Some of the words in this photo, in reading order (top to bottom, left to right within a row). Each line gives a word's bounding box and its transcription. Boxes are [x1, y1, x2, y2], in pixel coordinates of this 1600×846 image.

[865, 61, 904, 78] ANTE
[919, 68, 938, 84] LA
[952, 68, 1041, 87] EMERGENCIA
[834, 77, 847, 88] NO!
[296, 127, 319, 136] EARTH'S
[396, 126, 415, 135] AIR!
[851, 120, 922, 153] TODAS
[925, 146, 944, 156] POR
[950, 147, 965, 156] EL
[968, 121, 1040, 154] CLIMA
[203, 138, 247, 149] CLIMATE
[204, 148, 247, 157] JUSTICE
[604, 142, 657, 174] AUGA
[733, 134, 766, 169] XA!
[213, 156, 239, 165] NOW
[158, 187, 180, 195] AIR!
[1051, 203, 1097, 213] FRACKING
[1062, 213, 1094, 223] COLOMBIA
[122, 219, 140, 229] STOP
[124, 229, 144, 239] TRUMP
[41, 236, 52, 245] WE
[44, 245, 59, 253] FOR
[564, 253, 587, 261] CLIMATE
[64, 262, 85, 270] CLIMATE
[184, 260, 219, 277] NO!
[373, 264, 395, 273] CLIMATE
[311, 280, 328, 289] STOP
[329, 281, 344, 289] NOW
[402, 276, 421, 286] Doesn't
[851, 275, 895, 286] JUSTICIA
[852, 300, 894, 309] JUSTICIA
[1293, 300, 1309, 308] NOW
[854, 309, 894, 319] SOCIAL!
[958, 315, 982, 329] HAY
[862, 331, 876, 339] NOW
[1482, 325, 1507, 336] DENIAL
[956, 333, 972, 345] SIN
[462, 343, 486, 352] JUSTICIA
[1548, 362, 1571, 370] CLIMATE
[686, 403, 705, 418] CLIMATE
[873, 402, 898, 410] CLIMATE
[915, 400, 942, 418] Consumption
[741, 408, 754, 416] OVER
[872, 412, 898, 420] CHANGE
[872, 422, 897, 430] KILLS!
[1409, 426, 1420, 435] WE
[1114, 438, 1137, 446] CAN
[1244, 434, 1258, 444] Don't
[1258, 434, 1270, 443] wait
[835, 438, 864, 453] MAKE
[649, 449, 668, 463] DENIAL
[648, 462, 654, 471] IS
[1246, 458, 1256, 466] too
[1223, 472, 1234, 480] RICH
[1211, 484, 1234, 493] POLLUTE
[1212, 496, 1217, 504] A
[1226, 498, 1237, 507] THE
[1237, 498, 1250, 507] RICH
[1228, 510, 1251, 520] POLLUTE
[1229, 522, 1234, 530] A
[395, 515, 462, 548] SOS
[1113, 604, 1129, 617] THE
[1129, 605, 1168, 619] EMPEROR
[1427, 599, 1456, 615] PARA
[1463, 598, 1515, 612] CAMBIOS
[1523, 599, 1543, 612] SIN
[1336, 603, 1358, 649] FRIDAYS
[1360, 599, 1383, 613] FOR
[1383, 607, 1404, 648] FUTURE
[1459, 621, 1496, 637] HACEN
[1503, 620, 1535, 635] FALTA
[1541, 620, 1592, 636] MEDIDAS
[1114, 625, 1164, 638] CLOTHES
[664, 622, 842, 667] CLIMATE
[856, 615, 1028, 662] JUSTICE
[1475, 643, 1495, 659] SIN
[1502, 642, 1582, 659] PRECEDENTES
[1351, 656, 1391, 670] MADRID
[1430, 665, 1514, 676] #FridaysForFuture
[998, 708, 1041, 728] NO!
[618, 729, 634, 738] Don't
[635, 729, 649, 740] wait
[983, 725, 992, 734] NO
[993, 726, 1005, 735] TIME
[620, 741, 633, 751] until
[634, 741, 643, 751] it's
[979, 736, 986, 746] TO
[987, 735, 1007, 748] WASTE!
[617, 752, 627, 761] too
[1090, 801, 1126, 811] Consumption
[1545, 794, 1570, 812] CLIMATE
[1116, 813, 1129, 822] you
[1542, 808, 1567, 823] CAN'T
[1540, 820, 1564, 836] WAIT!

-- -- --

ABOUT THIS EXERCISE - Return every entry above with nothing altered.

THE COMPLETED TASK -
Some of the words in this photo, in reading order (top to bottom, left to right within a row). Each line gives a word's bounding box and its transcription. Boxes are [x1, y1, x2, y2], in pixel coordinates of this 1600×846 image.

[865, 61, 904, 78] ANTE
[919, 68, 938, 84] LA
[952, 68, 1041, 87] EMERGENCIA
[834, 77, 847, 88] NO!
[296, 127, 319, 136] EARTH'S
[396, 126, 415, 135] AIR!
[851, 120, 922, 153] TODAS
[925, 146, 944, 156] POR
[950, 147, 965, 156] EL
[968, 121, 1040, 154] CLIMA
[203, 138, 247, 149] CLIMATE
[204, 148, 247, 157] JUSTICE
[604, 142, 657, 174] AUGA
[733, 134, 766, 169] XA!
[213, 156, 239, 165] NOW
[158, 187, 180, 195] AIR!
[1051, 203, 1097, 213] FRACKING
[1062, 213, 1094, 223] COLOMBIA
[122, 219, 140, 229] STOP
[124, 229, 144, 239] TRUMP
[41, 236, 52, 245] WE
[44, 245, 59, 253] FOR
[564, 253, 587, 261] CLIMATE
[64, 262, 85, 270] CLIMATE
[184, 260, 219, 277] NO!
[373, 264, 395, 273] CLIMATE
[311, 280, 328, 289] STOP
[329, 281, 344, 289] NOW
[402, 276, 421, 286] Doesn't
[851, 275, 895, 286] JUSTICIA
[852, 300, 894, 309] JUSTICIA
[1293, 300, 1309, 308] NOW
[854, 309, 894, 319] SOCIAL!
[958, 315, 982, 329] HAY
[862, 331, 876, 339] NOW
[1482, 325, 1507, 336] DENIAL
[956, 333, 972, 345] SIN
[462, 343, 486, 352] JUSTICIA
[1548, 362, 1571, 370] CLIMATE
[686, 403, 705, 418] CLIMATE
[873, 402, 898, 410] CLIMATE
[915, 400, 942, 418] Consumption
[741, 408, 754, 416] OVER
[872, 412, 898, 420] CHANGE
[872, 422, 897, 430] KILLS!
[1409, 426, 1420, 435] WE
[1114, 438, 1137, 446] CAN
[1244, 434, 1258, 444] Don't
[1258, 434, 1270, 443] wait
[835, 438, 864, 453] MAKE
[649, 449, 668, 463] DENIAL
[648, 462, 654, 471] IS
[1246, 458, 1256, 466] too
[1223, 472, 1234, 480] RICH
[1211, 484, 1234, 493] POLLUTE
[1212, 496, 1217, 504] A
[1226, 498, 1237, 507] THE
[1237, 498, 1250, 507] RICH
[1228, 510, 1251, 520] POLLUTE
[1229, 522, 1234, 530] A
[395, 515, 462, 548] SOS
[1113, 604, 1129, 617] THE
[1129, 605, 1168, 619] EMPEROR
[1427, 599, 1456, 615] PARA
[1463, 598, 1515, 612] CAMBIOS
[1523, 599, 1543, 612] SIN
[1336, 603, 1358, 649] FRIDAYS
[1360, 599, 1383, 613] FOR
[1383, 607, 1404, 648] FUTURE
[1459, 621, 1496, 637] HACEN
[1503, 620, 1535, 635] FALTA
[1541, 620, 1592, 636] MEDIDAS
[1114, 625, 1164, 638] CLOTHES
[664, 622, 842, 667] CLIMATE
[856, 615, 1028, 662] JUSTICE
[1475, 643, 1495, 659] SIN
[1502, 642, 1582, 659] PRECEDENTES
[1351, 656, 1391, 670] MADRID
[1430, 665, 1514, 676] #FridaysForFuture
[998, 708, 1041, 728] NO!
[618, 729, 634, 738] Don't
[635, 729, 649, 740] wait
[983, 725, 992, 734] NO
[993, 726, 1005, 735] TIME
[620, 741, 633, 751] until
[634, 741, 643, 751] it's
[979, 736, 986, 746] TO
[987, 735, 1007, 748] WASTE!
[617, 752, 627, 761] too
[1090, 801, 1126, 811] Consumption
[1545, 794, 1570, 812] CLIMATE
[1116, 813, 1129, 822] you
[1542, 808, 1567, 823] CAN'T
[1540, 820, 1564, 836] WAIT!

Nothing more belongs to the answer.